On Sunday, I finished the first block in my preparation for IronMan 70.3 Vietnam.
I planned this kick off period in 4 weeks, taking in consideration what is working the best for my body. There are different approaches to setup your plan, but I personally like to give 4-5 incremental weeks of work and then assimilate on week 5-6.
During this time, I was training everyday, following my #nodaysoff challenge, adding to the mileage:
- Swimming: 25k
- Cycling: 641k
- Running: 173k
- Strength: 4h
- Yoga: 2h
- X-training: 3h
In total, 46 sessions, 50 hours, 868k in 28 days
As I was mentioning, the training that I’m following is based in a minimal approach, focusing in intensity and working out inside the threshold zone.

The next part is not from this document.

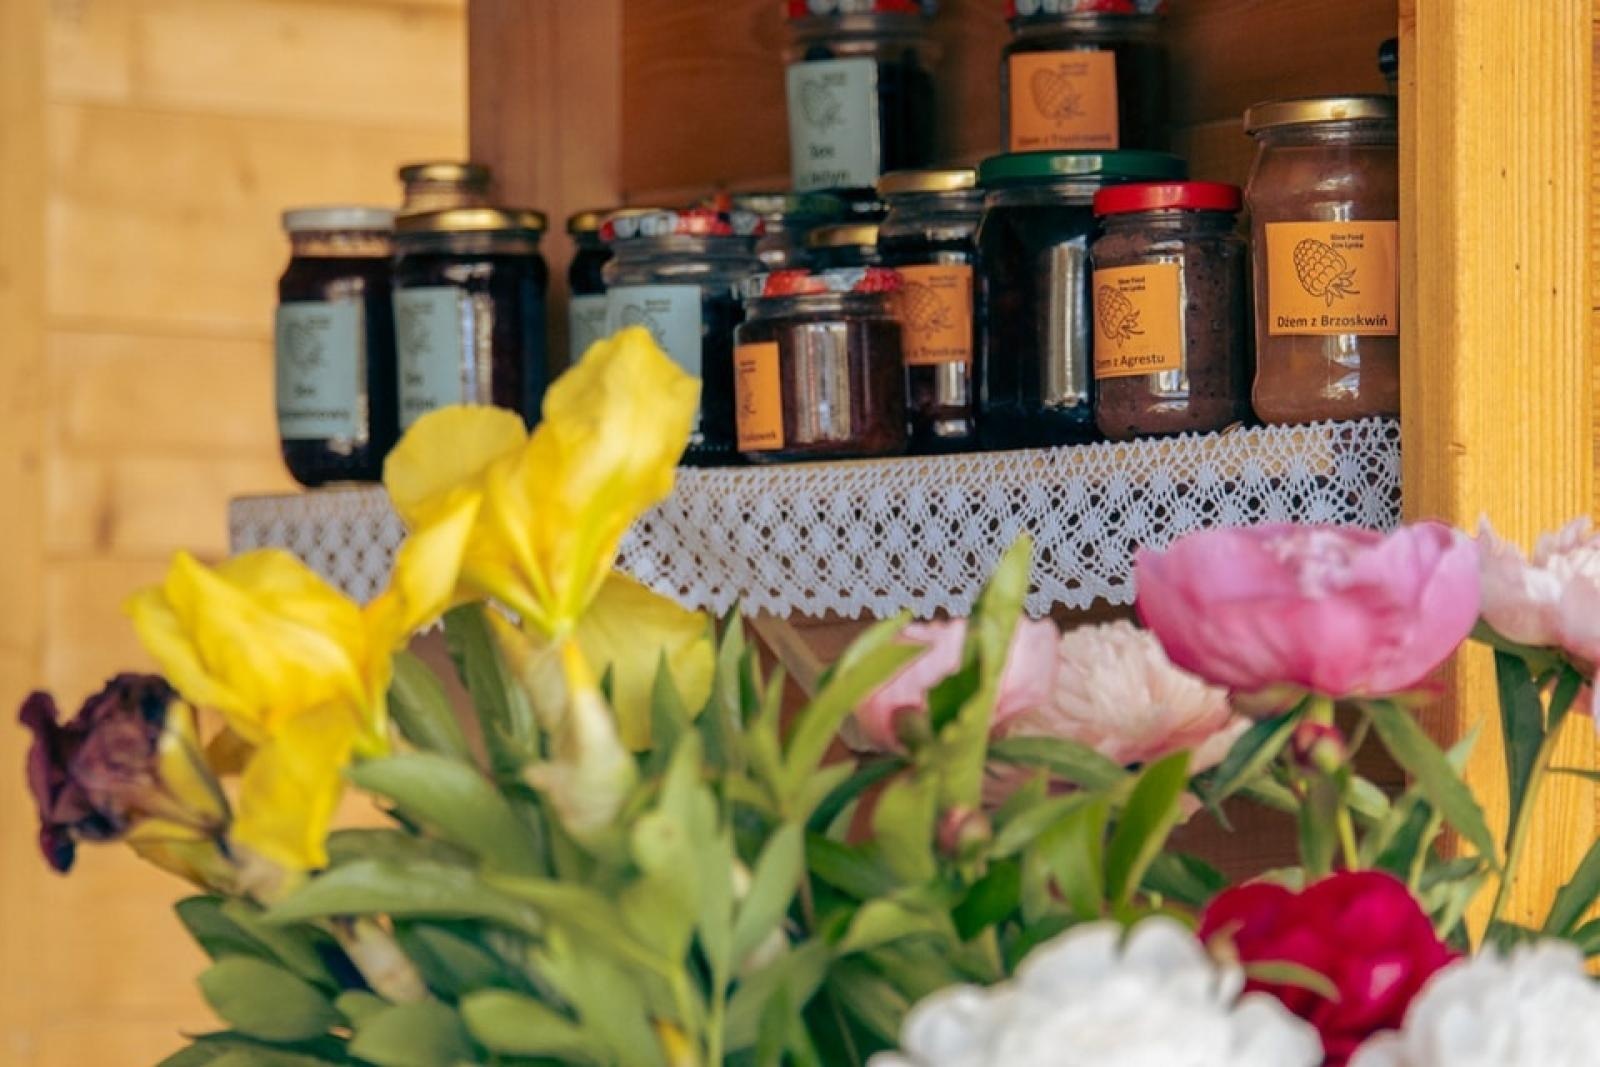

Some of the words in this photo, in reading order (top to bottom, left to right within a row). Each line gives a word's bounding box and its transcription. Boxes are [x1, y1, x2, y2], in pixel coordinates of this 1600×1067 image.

So far, so good, I can’t complain. My body is reacting positive to the sessions and I’m feeling faster and better that I was expecting beforehand.
In this snapshot, you can see a brick session composed by 5k warm up + 2x(20k bike + 5k running) + 5k calm down
The weeks are sort in 10-14 sessions, with a 10 to 13 hours of training.
The intensity is, in average, close to 85%, what makes every practice a challenge and a test either for my body and my head. Love it though =)
All the cycling has been done indoor, apart of a 25k outside, and most of the intensive running in the treadmill. In swimming, I’m back on track, finding a fast recovery between sets rather than speed (it will come!)
On the other hand and for skeptical, the training log will be dramatically increased as soon as Germany is allowing me to ride outside. With a day of 3 hours on the road, plus the weekly basis, I will easily end up with something between 15-16 hours/week.
Summing this up with a 7 days camp that I’m planning for the last week of March in Alicante, I do believe I can have a good base for Vietnam.
I personally don’t think that doing a pure aerobic approach, with long sessions and training in the oxygen zone, is beneficial at any level. Rather, it can brings you injuries and overtraining, plus stress.
Ready for the next block!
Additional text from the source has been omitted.